> **Assignment**:
Repeat exactly, and only, the lines from the line containing "this 2216×1652 image." through the last line of the records below, including both.

Data excerpts:
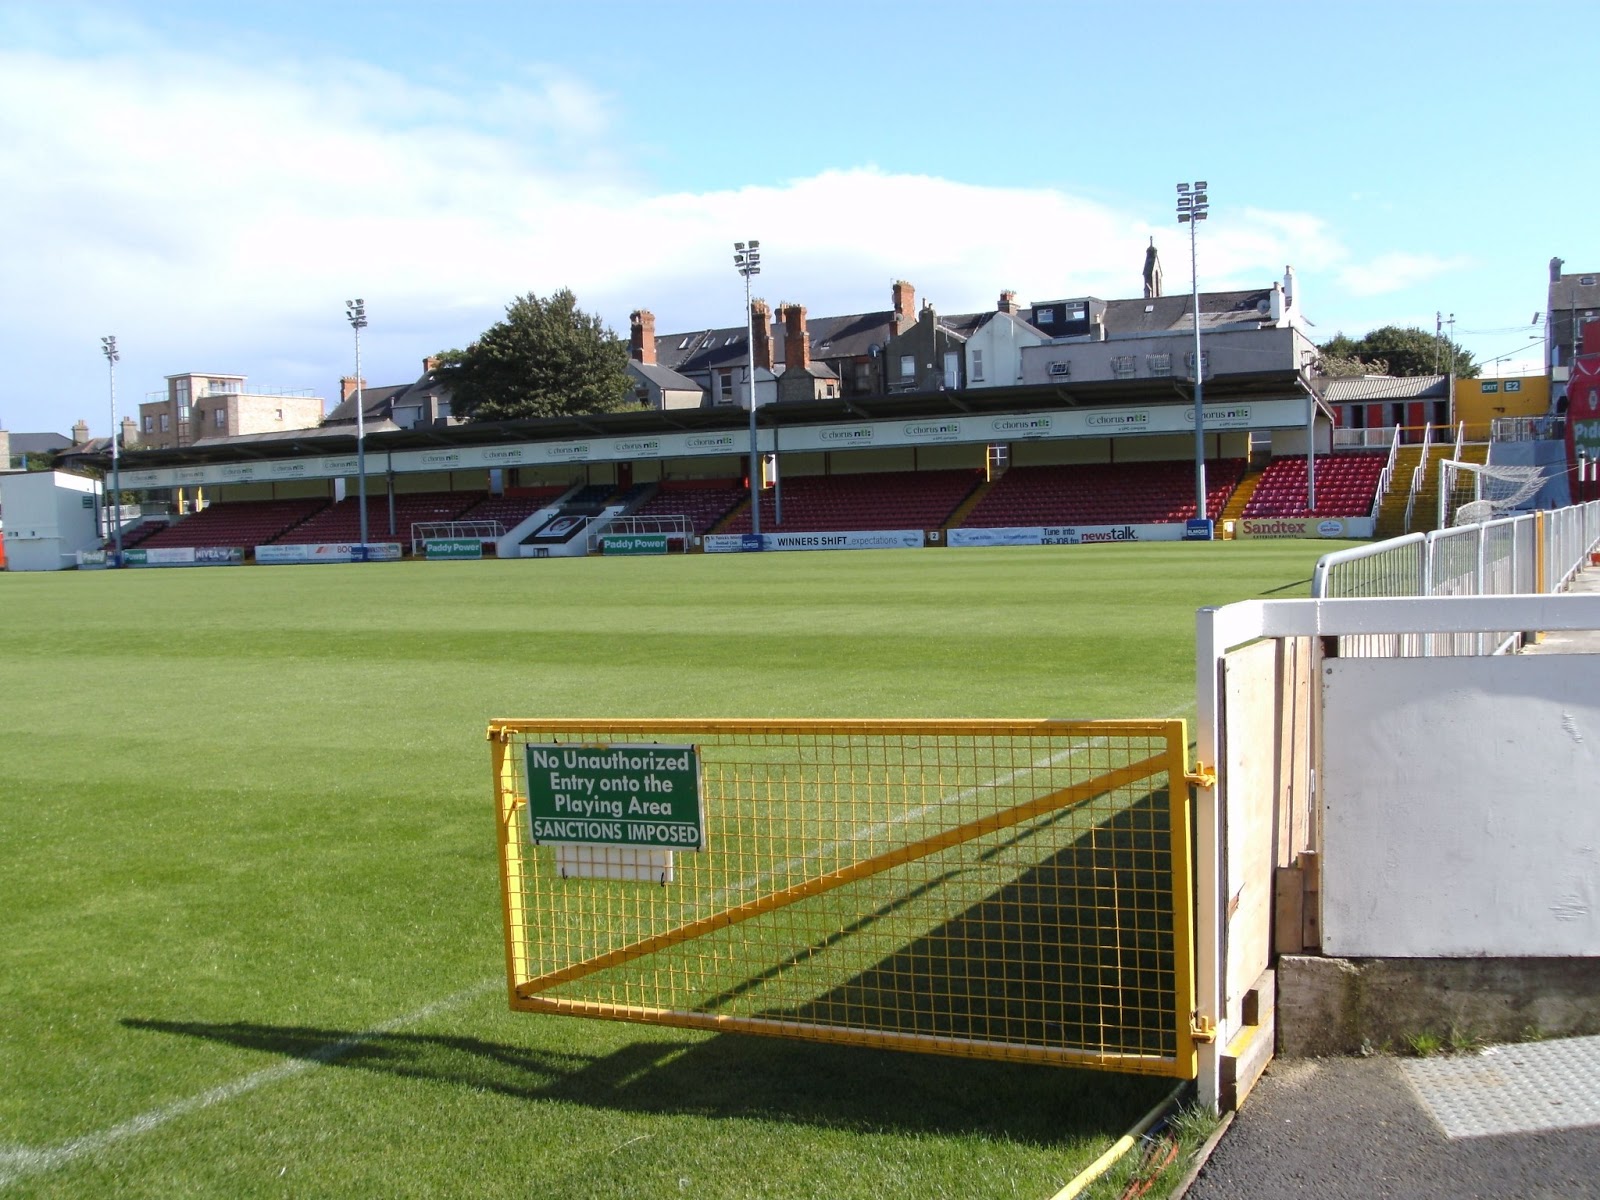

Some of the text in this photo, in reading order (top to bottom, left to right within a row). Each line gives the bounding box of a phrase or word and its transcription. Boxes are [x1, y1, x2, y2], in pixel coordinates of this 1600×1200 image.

[1506, 381, 1519, 390] E2
[1096, 414, 1125, 424] chorus
[1002, 420, 1029, 429] chorus
[913, 426, 938, 434] chorus
[828, 431, 853, 439] chorus
[693, 438, 716, 446] chorus
[1043, 527, 1076, 536] Tune into
[1243, 520, 1306, 534] Sandtex
[604, 539, 665, 550] Paddy Power
[777, 537, 819, 546] WINNERS
[427, 543, 479, 553] Paddy Power
[83, 552, 105, 561] Paddy
[125, 552, 147, 561] Power
[196, 550, 219, 559] NIVEA
[533, 750, 690, 771] No Unauthorized
[550, 772, 673, 795] Entry onto the
[555, 793, 672, 818] Playing Area
[534, 820, 699, 843] SANCTIONS IMPOSED
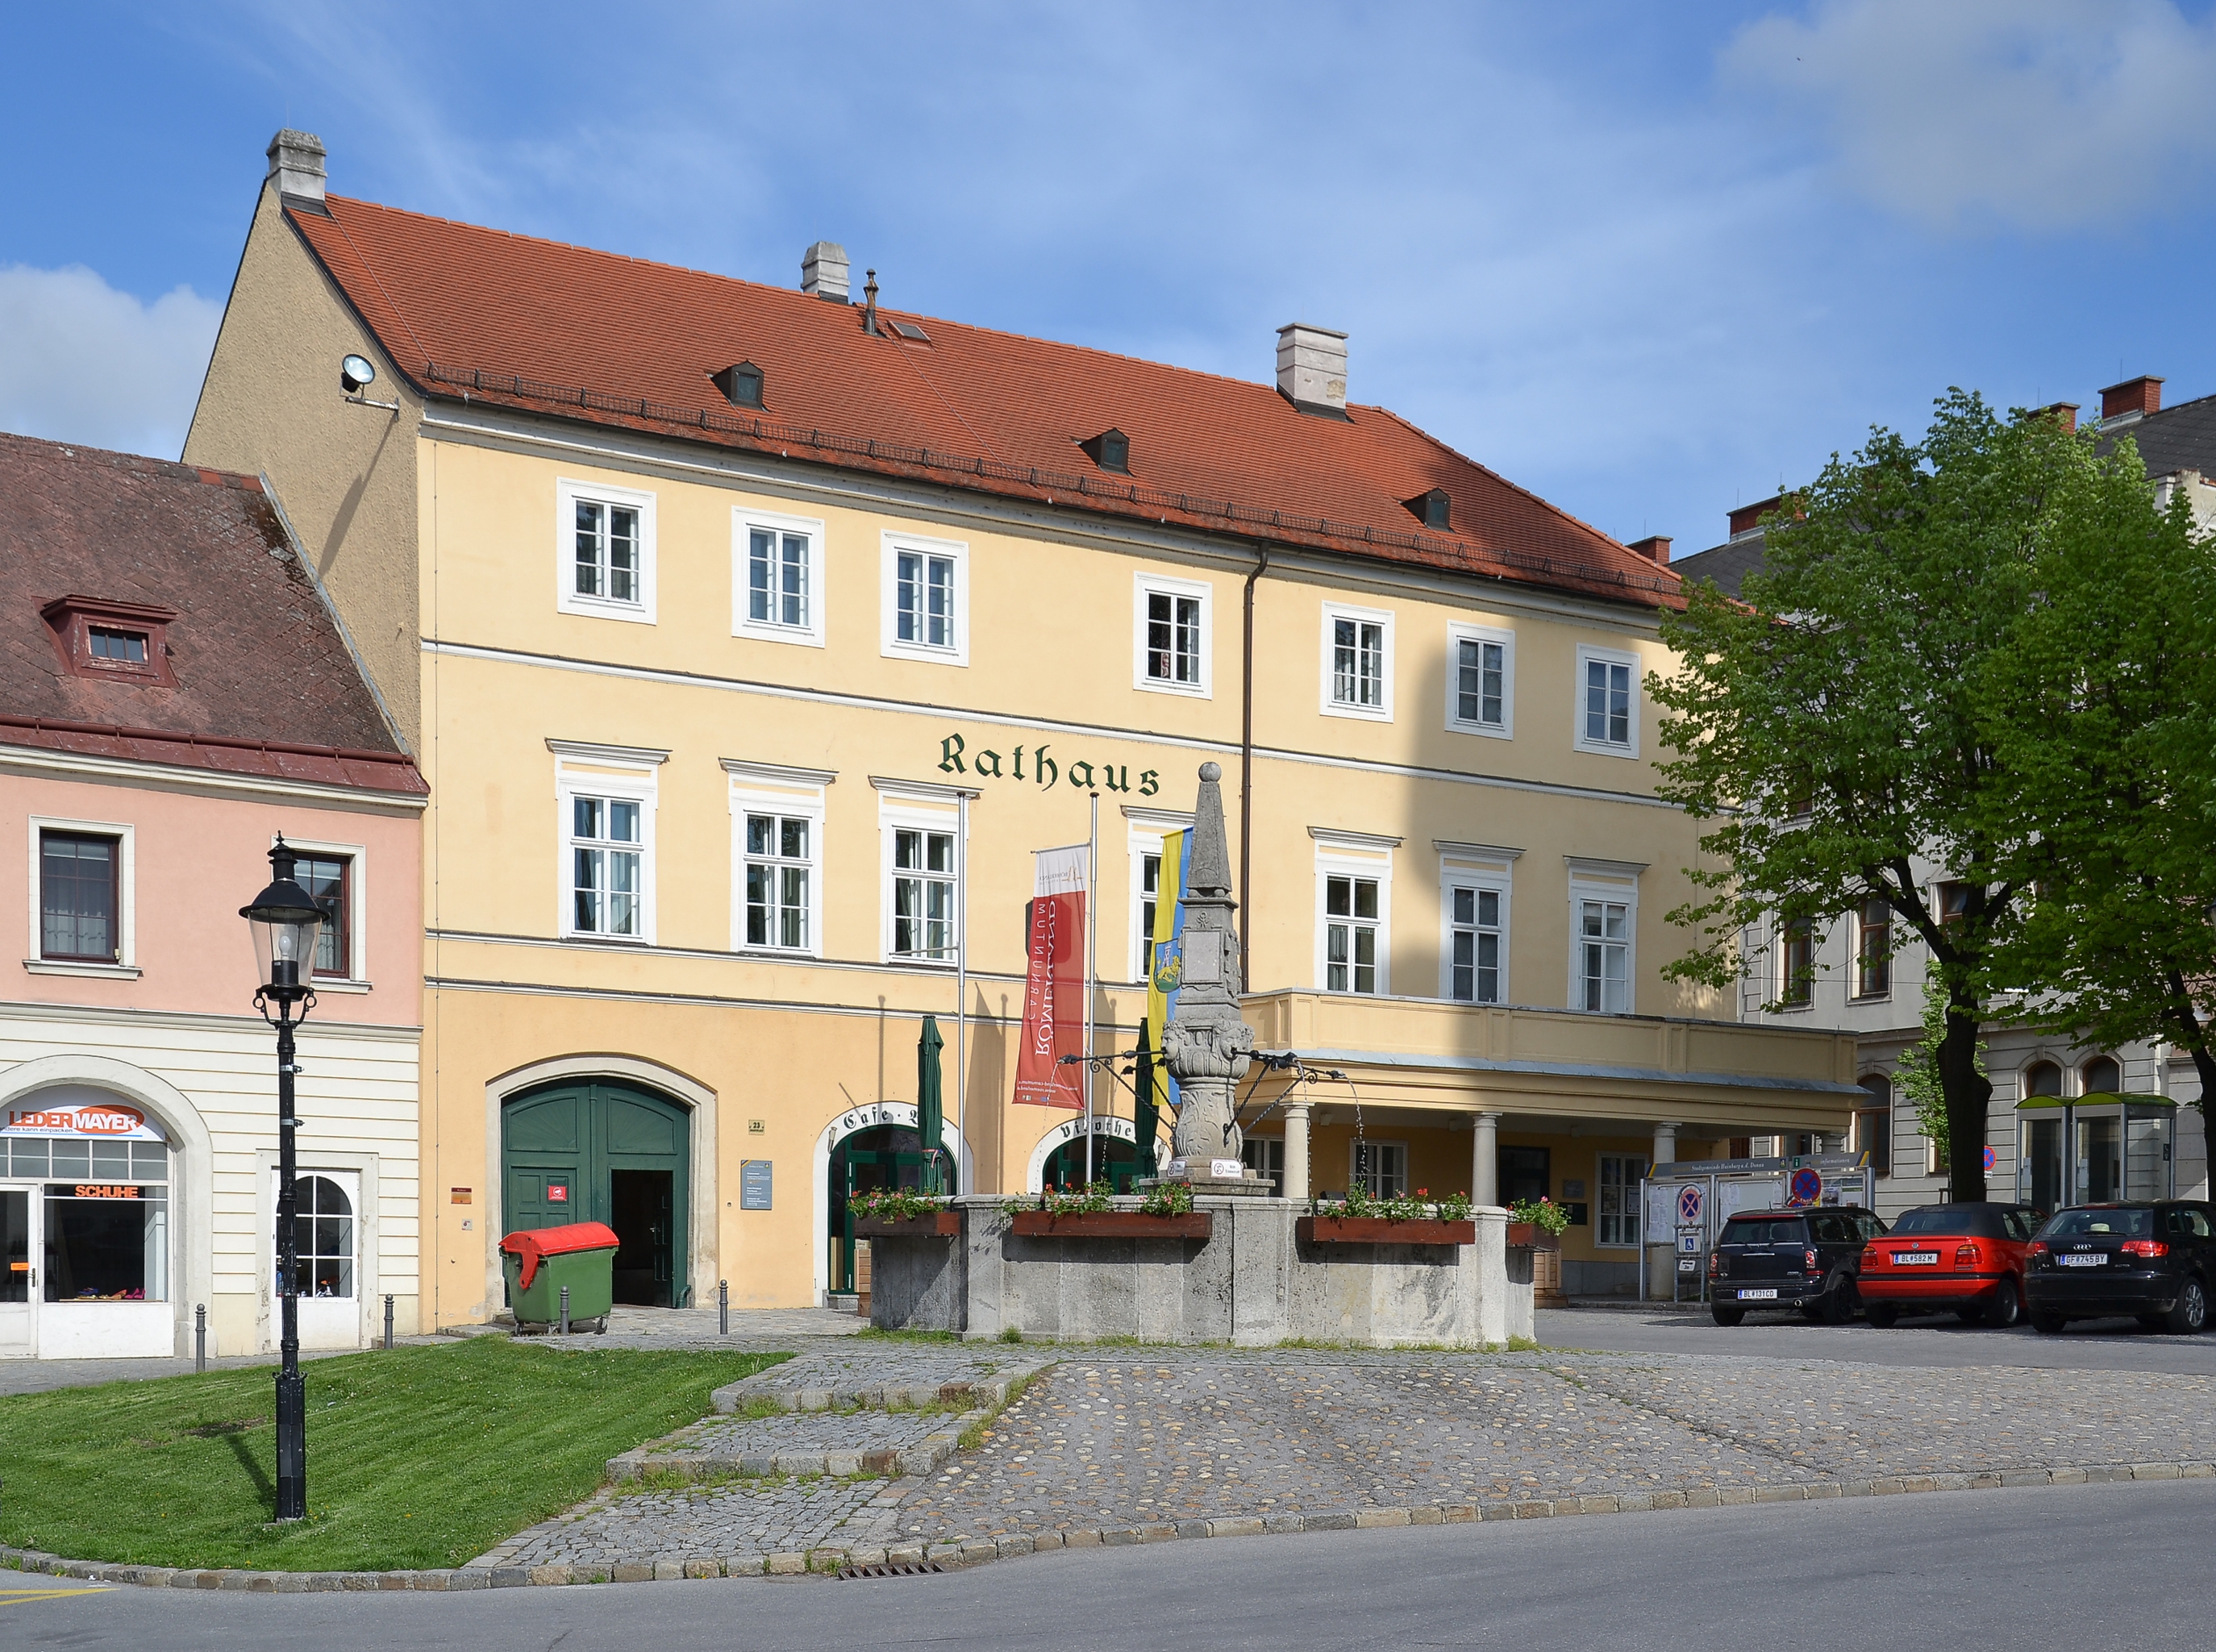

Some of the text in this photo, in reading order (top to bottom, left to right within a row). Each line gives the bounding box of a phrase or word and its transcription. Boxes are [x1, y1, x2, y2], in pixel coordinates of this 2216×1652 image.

[937, 733, 1160, 797] Rathaus
[843, 1106, 889, 1129] Cafe
[1060, 1119, 1132, 1138] Viothe
[74, 1184, 139, 1199] SCHUHE
[2066, 1255, 2076, 1263] GF

> **Solved exercise**:
Some of the text in this photo, in reading order (top to bottom, left to right within a row). Each line gives the bounding box of a phrase or word and its transcription. Boxes are [x1, y1, x2, y2], in pixel coordinates of this 2216×1652 image.

[937, 733, 1160, 797] Rathaus
[843, 1106, 889, 1129] Cafe
[1060, 1119, 1132, 1138] Viothe
[74, 1184, 139, 1199] SCHUHE
[2066, 1255, 2076, 1263] GF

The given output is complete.